MTIA 450: Raises compute to 7 petaflops FP8, doubles HBM bandwidth to 18.4 terabytes per second, 288GB HBM, 1,400W TDP. The bandwidth doubling is significant — the constraint in large language model inference is often memory bandwidth, not raw compute. Scheduled for 2027.

MTIA 500: Delivers 10 petaflops FP8, 1,700W TDP, 384-512GB HBM. This is Meta's high-end generative AI chip. Scheduled for late 2027. At 10 petaflops with 512GB HBM, it is competitive with anything NVIDIA plans to offer before the Rubin architecture ships.

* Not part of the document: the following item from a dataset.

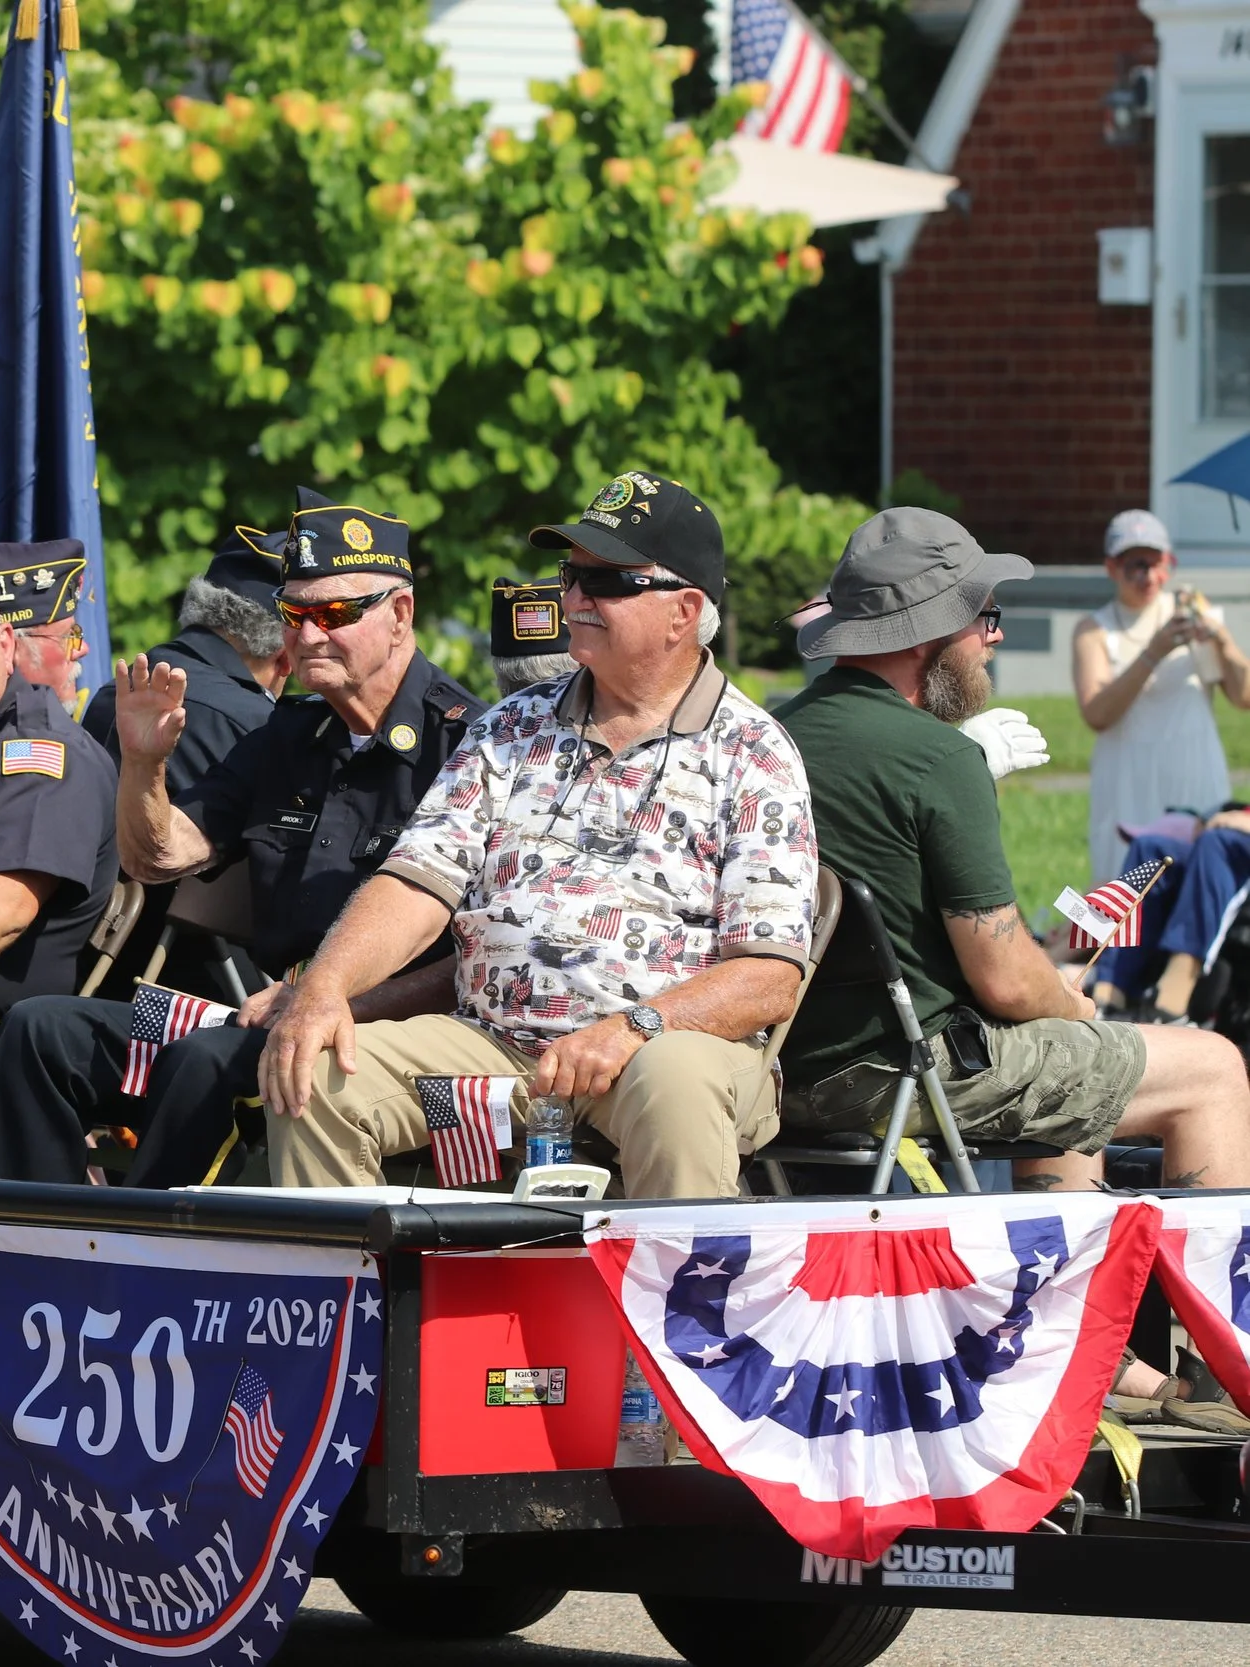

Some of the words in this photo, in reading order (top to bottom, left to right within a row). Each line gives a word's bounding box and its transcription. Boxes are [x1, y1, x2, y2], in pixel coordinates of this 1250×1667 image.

The progression from 300 to 500 in roughly two years is aggressive. Google started its TPU program in 2013 and took five years to reach competitive performance at scale. Meta is compressing that timeline considerably.

Why Meta Is Doing This While Still Buying Nvidia

Meta announced major Nvidia and AMD GPU procurement deals in the weeks before the MTIA 400 deployment news. That looks contradictory but follows a clear logic.

Nvidia H100s and H200s are general-purpose. They train models, run inference, and handle research workloads that do not fit neatly into MTIA's inference-optimized architecture. Meta still needs them for training Llama 4 and future model generations. For training at scale, NVIDIA remains the only realistic option right now.

MTIA is for inference — the part of the stack that runs billions of times per day. Inference is where Meta spends the majority of its AI compute budget, because every request to Meta AI, every recommendation call, every image generation goes through inference. Owning that silicon layer means Meta controls both the cost and the capability of its inference stack.

With TSMC wafer prices rising 5-10% and Nvidia GPU prices under upward pressure from the same tariffs, the economics of building custom silicon improve every quarter.

What This Means for Nvidia

Meta's MTIA program does not threaten NVIDIA's training business. Training frontier models still requires NVIDIA's software ecosystem (CUDA), memory bandwidth characteristics, and multi-chip interconnect (NVLink). Meta's $10 billion+ in Nvidia procurement this year reflects that reality.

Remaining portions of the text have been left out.